▶ Brief:
All that is needed is the listing, transcribed exactly and in full.

------ Source records ------

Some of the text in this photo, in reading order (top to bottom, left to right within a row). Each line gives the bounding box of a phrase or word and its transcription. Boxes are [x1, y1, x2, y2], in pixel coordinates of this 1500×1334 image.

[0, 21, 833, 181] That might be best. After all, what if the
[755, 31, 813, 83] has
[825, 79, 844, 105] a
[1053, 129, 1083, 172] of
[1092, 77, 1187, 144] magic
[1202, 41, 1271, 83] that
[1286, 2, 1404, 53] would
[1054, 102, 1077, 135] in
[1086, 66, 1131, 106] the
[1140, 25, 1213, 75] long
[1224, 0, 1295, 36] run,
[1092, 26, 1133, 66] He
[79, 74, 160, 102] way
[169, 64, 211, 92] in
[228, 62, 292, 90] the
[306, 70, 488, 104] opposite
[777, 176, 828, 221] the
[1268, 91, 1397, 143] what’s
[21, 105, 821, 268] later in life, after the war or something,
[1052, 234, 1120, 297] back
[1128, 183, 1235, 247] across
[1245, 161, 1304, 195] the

------

▶ Task result:
Some of the text in this photo, in reading order (top to bottom, left to right within a row). Each line gives the bounding box of a phrase or word and its transcription. Boxes are [x1, y1, x2, y2], in pixel coordinates of this 1500×1334 image.

[0, 21, 833, 181] That might be best. After all, what if the
[755, 31, 813, 83] has
[825, 79, 844, 105] a
[1053, 129, 1083, 172] of
[1092, 77, 1187, 144] magic
[1202, 41, 1271, 83] that
[1286, 2, 1404, 53] would
[1054, 102, 1077, 135] in
[1086, 66, 1131, 106] the
[1140, 25, 1213, 75] long
[1224, 0, 1295, 36] run,
[1092, 26, 1133, 66] He
[79, 74, 160, 102] way
[169, 64, 211, 92] in
[228, 62, 292, 90] the
[306, 70, 488, 104] opposite
[777, 176, 828, 221] the
[1268, 91, 1397, 143] what’s
[21, 105, 821, 268] later in life, after the war or something,
[1052, 234, 1120, 297] back
[1128, 183, 1235, 247] across
[1245, 161, 1304, 195] the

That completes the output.